Download a copy of the vignette to follow along here: [alluvial_plots.Rmd](https://raw.githubusercontent.com/BRANCHlab/metasnf/main/vignettes/alluvial_plots.Rmd)

Alluvial plots can be generated to visualize how changing the number of clusters influences the distribution of observations according to one (or a few) features of interest.

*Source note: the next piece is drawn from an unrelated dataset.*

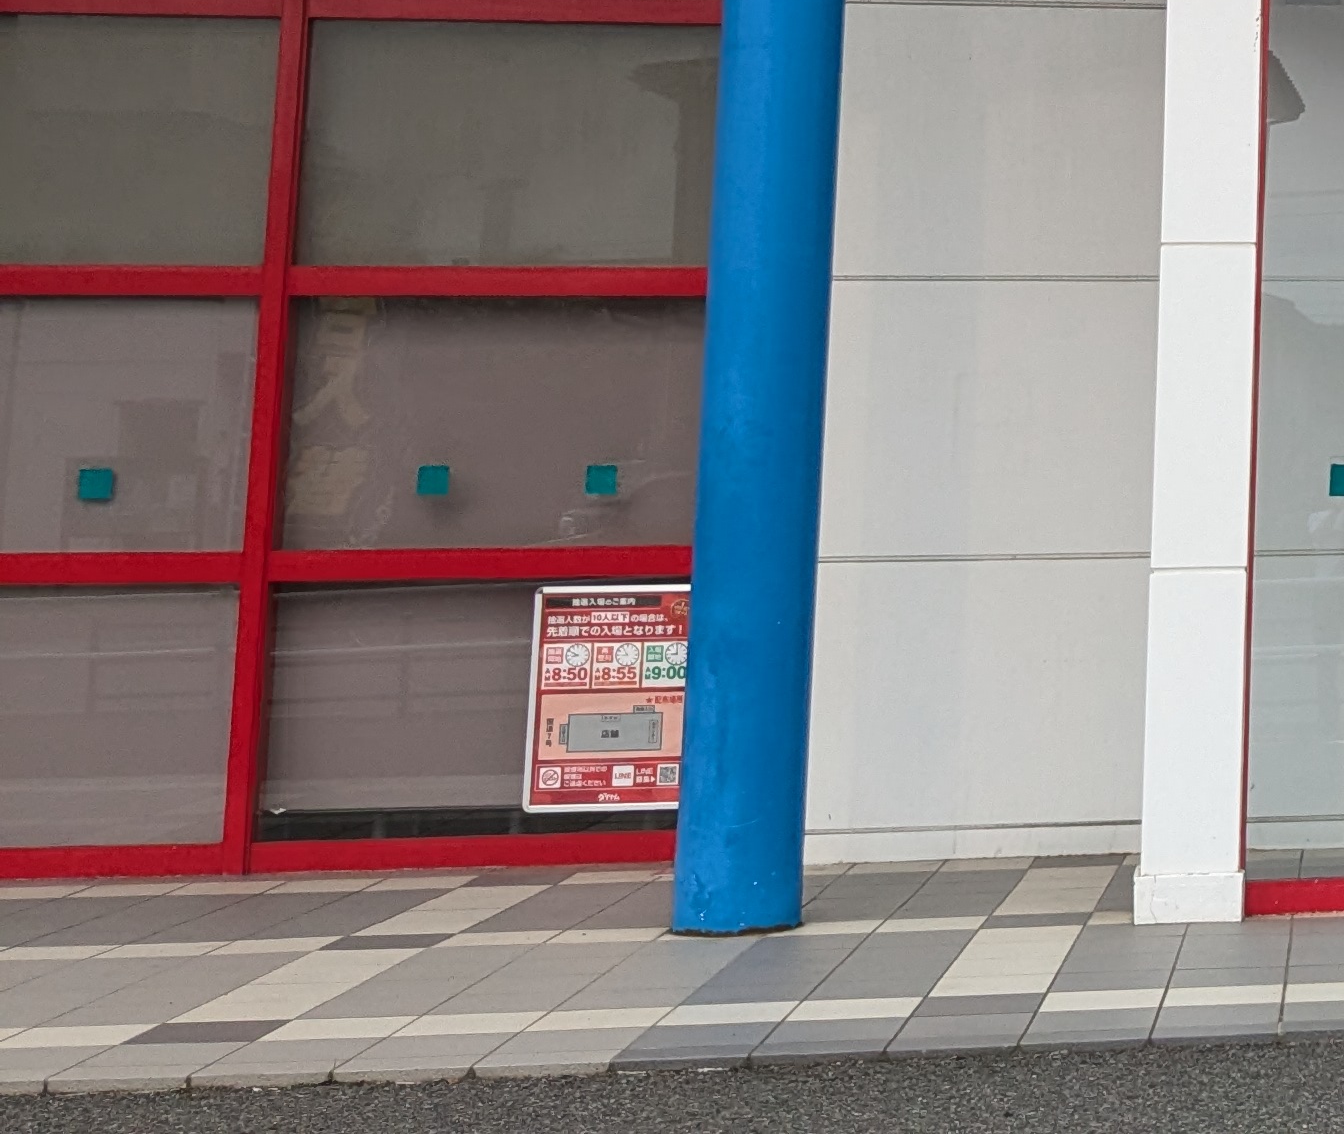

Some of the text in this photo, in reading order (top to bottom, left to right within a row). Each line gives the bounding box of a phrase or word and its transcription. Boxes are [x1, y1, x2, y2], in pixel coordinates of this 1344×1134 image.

[552, 667, 588, 681] 8:50
[601, 666, 637, 681] 8:55
[651, 666, 686, 680] 9:00

First, some data setup just as was done in the previous vignettes.

```{r}
library(metasnf)

# Generate data_list
my_dl <- data_list(
    list(
        data = expression_df,
        name = "genes_1_and_2_exp",
        domain = "gene_expression",
        type = "continuous"
    ),
    list(
        data = methylation_df,
        name = "genes_1_and_2_meth",
        domain = "gene_methylation",
        type = "continuous"
    ),
    list(
        data = gender_df,
        name = "gender",
        domain = "demographics",
        type = "categorical"
    ),
    list(
        data = diagnosis_df,
        name = "diagnosis",
        domain = "clinical",
        type = "categorical"
    ),
    uid = "patient_id"
)

set.seed(42)
my_sc <- snf_config(
    my_dl,
    n_solutions = 1,
    max_k = 40
)

sol_df <- batch_snf(
    dl = my_dl,
    sc = my_sc,
    return_sim_mats = TRUE
)

sim_mats <- sim_mats_list(sol_df)

similarity_matrix <- sim_mats[[1]]
```

Next, assemble a list clustering algorithm functions that cover the range of the number of clusters you'd like to visualize.
The example below uses `spectral_two` to `spectral_six`, which are spectral clustering functions covering 2 clusters to 6 clusters respectively.

```{r}
# Spectral clustering functions ranging from 2 to 6 clusters
cluster_sequence <- list(
    spectral_two,
    spectral_three,
    spectral_four
)
```

Then, we can either generate an alluvial plot covering our similarity matrix over these clustering algorithms for data in a `data_list`:

```{r fig.width = 7, fig.height = 5.5}
alluvial_cluster_plot(
    cluster_sequence = cluster_sequence,
    similarity_matrix = similarity_matrix,
    dl = my_dl,
    key_outcome = "gender", # the name of the feature of interest
    key_label = "Gender", # how the feature of interest should be displayed
    extra_outcomes = "diagnosis", # more features to plot but not colour by
    title = "Gender Across Cluster Counts"
)
```

Or in an external data frame:

```{r fig.width = 7, fig.height = 5.5}
extra_data <- dplyr::inner_join(
    gender_df,
    diagnosis_df,
    by = "patient_id"
) |>
    dplyr::mutate(uid = paste0("uid_", patient_id))

head(extra_data)

alluvial_cluster_plot(
    cluster_sequence = cluster_sequence,
    similarity_matrix = similarity_matrix,
    data = extra_data,
    key_outcome = "gender",
    key_label = "Gender",
    extra_outcomes = "diagnosis",
    title = "Gender Across Cluster Counts"
)
```